I was a huge fan of Microsoft’s Onenote prior to switching to the Mac. Its ability to act as a “digital notebook” to store text, images and webclips into definable sections made it an essential tool for creating a growing knowledge base. Since Onenote is not available on the Mac, I explored comparable solutions like Yojimbo to fill my needs.

Then came Evernote. Just as Instapaper became essential for my short-term information saving, Evernote has become the key to my long-term saving needs. Evernote allows you to store text, a web page, a photo, audio and other media. Everything you store is indexed and made searchable. You can also place your notes into different notebooks for further organization. This introductory video shows a few examples of how it can be used.

 

As shown in the video, Evernote is accessible everywhere via syncing. It supports a huge number of platforms including Windows, Mac, iPhone, iPad, Android, Blackberry, Windows Mobile and the Web. Best of all its free. They do have Premium and Sponsored accounts for increased storage, but the average user will probably not come close to outgrowing the limits of the free version for quite some time.

1Password

!Password

1Password from Agile Web Solutions is the perfect application for anyone who has ever forgotten a password. My guess is that includes you. It permanently eliminates the need to use the same easily-guessable, weak passwords that you have become accustomed to using, by creating string unique passwords for you that can be easily recalled from your web browser by using a single rememberable password that you define.

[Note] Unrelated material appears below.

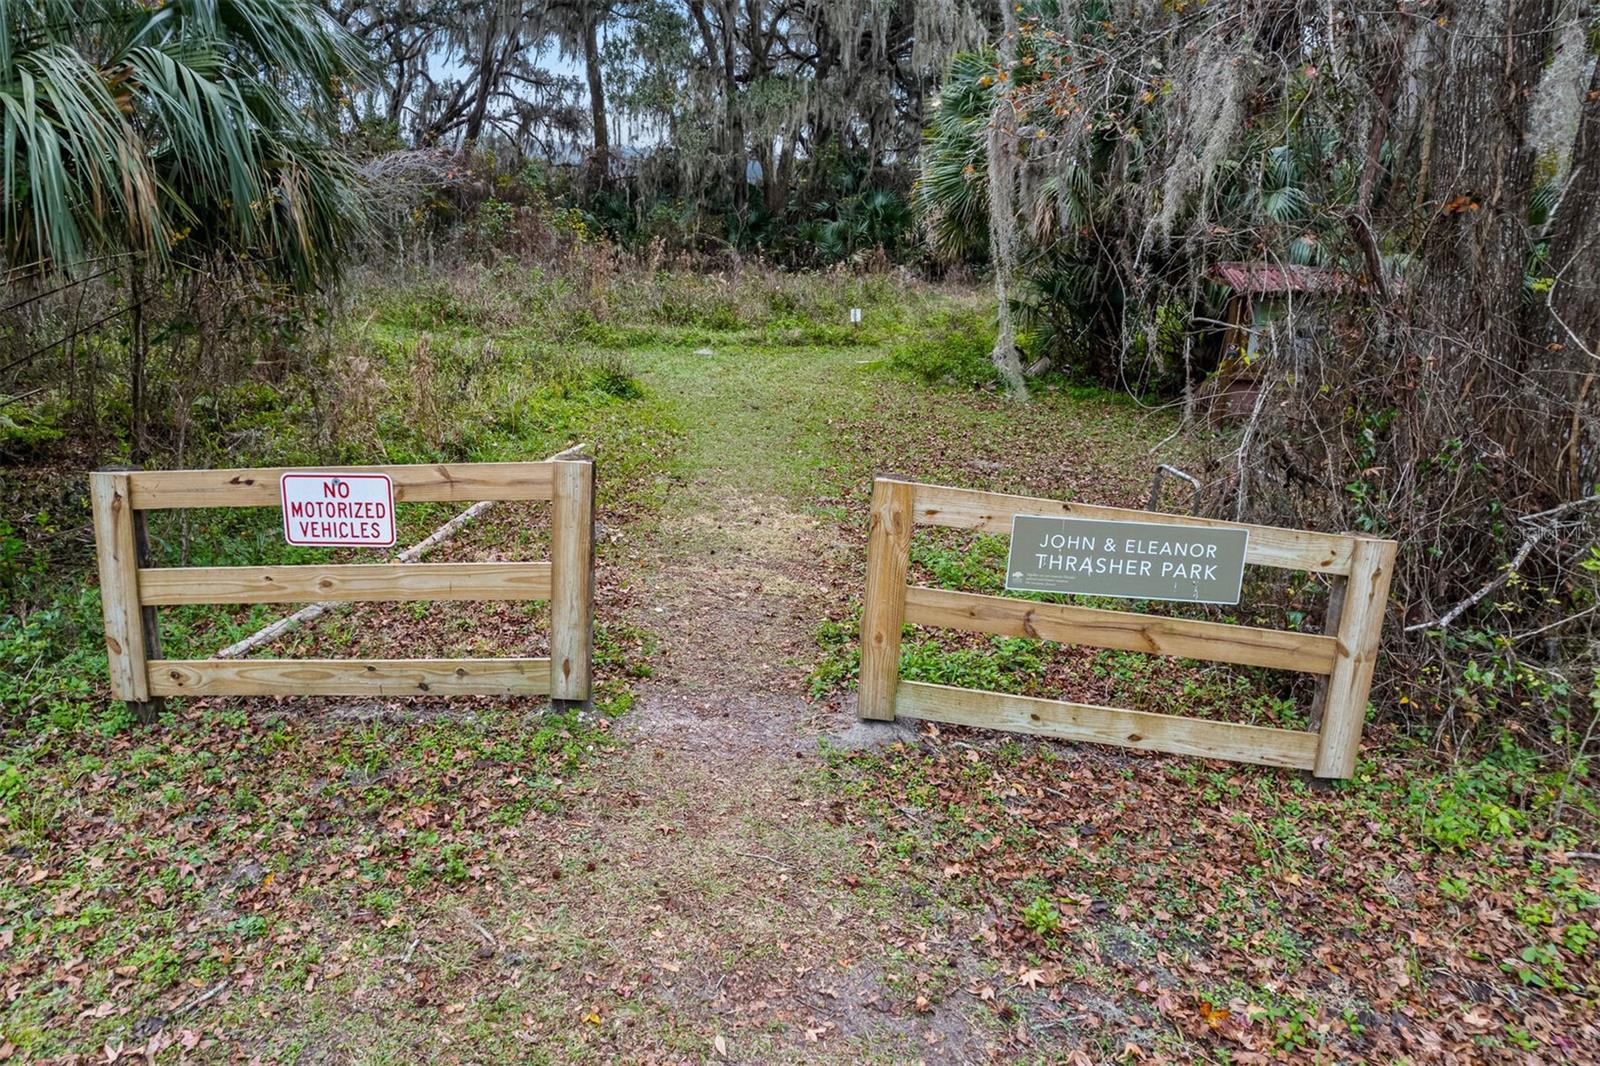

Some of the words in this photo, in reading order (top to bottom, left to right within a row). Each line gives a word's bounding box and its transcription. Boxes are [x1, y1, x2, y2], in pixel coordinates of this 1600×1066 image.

1Password also allows you to store other vital information such as credit card numbers that can also be recalled with your “one password” and filled into the appropriate field during checkout time when shopping online. Other items like software license and custom secure notes can be stored in 1Password as well. All information placed in its database is encrypted using AES (Advanced Encryption Standard) and 128-bit keys which would take “millions of years” to be decrypted using a brute force attack.

The following video will give you a good idea of how it works:

 

1Password was initially developed for the Mac however, versions are now available for the iPhone, iPad and Windows. Free 30 day trials for Mac and Windows are available, and there are a variety of licensing options to choose from to unlock it beyond that.

All three of these applications have become an essential part of my daily workflow. Do you currently use any of them? How have they changed the way you manage your daily influx of information? If any of these are new to you, then I hope you’ll give them a try. Please let us know about your experiences or recomendations via the comments!